5 réflexions sur “Qu’en est-il du socialisme jaurésien ?

  1. Bonjour camarade,

    Je suppose que ta note de fin est purement rhétorique. Il n’y a aucune chance que le PS redevienne socialiste. Il est de longue date tiraillé par une tentation centriste, le glissement de la seconde gauche de l’autogestion vers le libéralisme est à ce titre remarquable en ce qu’elle est antérieure à la chute de l’URSS et à toute soi-disante leçon sur l’impossibilité du socialisme qui en aurait été tiré. Avec Ségolène Royal, qui souvenons-nous en était prêt à faire de François Bayrou son premier ministre, et François Hollande maintenant, le PS a définitivement cédé à cette tentation centriste. C’est fort de ce constat à l’issue du congrès de Reims, où toute l’aile gauche du PS unie pour la première fois unie sur une seule motion n’a fait que 18,5 %, que Marc Dolez, Jean-Luc Mélenchon, Jacques Généreux et les autres camarades pionniers ont décidé le vague à l’âme de quitter le PS pour fonder le PG.

    Sur le plan programmatique, en abandonnant le marxisme, le PS a abandonné toute vision conflictuelle de la société. Ils ne parlent plus que le langage centriste : « rassemblement national », « paix sociale », etc. La fameuse note de Terra Nova l’expose clairement : il n’y aurai plus aucun conflit politique fondamental dans la société française, ou tout du moins s’il y a conflit, il ne s’agit plus de l’antagonisme de classe entre prolétariat et capitalistes mais une opposition « insiders/outsiders » au sein même du salariat.

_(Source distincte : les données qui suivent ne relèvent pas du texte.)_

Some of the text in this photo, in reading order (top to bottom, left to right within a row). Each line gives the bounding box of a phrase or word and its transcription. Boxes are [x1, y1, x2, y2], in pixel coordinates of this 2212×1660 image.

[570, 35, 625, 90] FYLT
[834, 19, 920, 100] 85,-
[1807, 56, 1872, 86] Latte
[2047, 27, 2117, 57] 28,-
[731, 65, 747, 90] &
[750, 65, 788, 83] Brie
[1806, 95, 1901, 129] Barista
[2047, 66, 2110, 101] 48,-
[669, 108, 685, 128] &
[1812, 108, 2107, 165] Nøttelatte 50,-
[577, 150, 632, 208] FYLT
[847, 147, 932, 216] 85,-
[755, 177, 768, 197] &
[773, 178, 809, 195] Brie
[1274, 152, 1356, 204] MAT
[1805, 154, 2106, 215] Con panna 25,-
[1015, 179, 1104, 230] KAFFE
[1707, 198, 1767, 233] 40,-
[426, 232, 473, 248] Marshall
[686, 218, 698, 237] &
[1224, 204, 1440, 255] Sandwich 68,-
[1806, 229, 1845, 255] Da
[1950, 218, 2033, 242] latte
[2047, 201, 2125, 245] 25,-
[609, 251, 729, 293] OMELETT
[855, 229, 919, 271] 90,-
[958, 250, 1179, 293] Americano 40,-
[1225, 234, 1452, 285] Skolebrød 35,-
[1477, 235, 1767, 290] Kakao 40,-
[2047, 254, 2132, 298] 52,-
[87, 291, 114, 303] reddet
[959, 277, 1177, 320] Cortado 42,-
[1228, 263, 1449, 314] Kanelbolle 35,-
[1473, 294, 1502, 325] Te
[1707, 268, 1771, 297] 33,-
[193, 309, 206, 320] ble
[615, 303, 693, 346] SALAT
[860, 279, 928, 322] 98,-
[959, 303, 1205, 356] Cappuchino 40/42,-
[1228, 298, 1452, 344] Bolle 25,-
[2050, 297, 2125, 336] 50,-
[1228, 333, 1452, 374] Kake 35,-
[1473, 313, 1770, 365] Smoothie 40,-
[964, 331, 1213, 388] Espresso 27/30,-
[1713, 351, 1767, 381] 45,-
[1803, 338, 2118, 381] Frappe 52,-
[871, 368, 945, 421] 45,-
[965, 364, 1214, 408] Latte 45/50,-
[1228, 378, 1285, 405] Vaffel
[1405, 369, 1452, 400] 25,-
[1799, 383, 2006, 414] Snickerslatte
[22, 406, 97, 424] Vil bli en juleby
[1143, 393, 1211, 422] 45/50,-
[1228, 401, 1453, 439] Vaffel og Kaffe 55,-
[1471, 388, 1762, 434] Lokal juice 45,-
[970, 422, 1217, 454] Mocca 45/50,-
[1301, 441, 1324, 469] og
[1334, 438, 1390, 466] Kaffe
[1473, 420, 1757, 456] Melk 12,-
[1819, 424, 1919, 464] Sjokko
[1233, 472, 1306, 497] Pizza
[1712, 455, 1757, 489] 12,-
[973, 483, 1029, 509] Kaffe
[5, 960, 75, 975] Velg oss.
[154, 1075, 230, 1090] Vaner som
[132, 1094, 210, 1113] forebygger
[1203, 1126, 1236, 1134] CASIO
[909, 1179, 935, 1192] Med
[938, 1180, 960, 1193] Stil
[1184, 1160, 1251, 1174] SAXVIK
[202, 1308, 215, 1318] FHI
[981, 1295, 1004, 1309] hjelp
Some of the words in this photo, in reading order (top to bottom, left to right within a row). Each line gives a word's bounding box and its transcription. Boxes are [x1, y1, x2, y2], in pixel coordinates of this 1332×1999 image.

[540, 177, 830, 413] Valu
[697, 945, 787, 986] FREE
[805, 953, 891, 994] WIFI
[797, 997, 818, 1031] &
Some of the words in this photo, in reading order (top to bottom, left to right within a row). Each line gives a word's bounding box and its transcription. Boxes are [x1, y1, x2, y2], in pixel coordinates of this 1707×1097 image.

    Je n’ai fait qu’une très brève description de la situation, il y aurait bien plus à dire pour expliquer pourquoi le parti socialiste est devenu le socialisme parti et je suis bien incapable de mener cette explication. Cette analyse me semble vitale pour nous, afin que nos forces politiques ne reproduisent pas la même trajectoire de résignation et de trahison que le PS.

    En tous les cas, ton billet est bienvenue. Il faut que l’on répète sans relâche que nous sommes les authentiques héritiers du mouvement ouvrier et de Jaurès, en même temps que nous marions cet héritage socialiste avec notre autre héritage écologiste. Amitiés militantes,

    1. En effet ma conclusion est ironique 🙂 Je ne me fais aucune illusion. Le seul parti socialiste de France aujourd’hui, c’est le Parti de gauche !

  2. Un énorme merci concernant Qu’en est-il du socialisme jaurésien ? Une Histoire populaire car même avec des thèmes copieusement traité sur le web il réussi très facilement à faire la différence.

  3. Si cela ne s’avère pas déjà fait, pensez à insérer Qu’en est-il du socialisme jaurésien ? Une Histoire populaire sur vos favoris, car ça parais être plus que indispensable.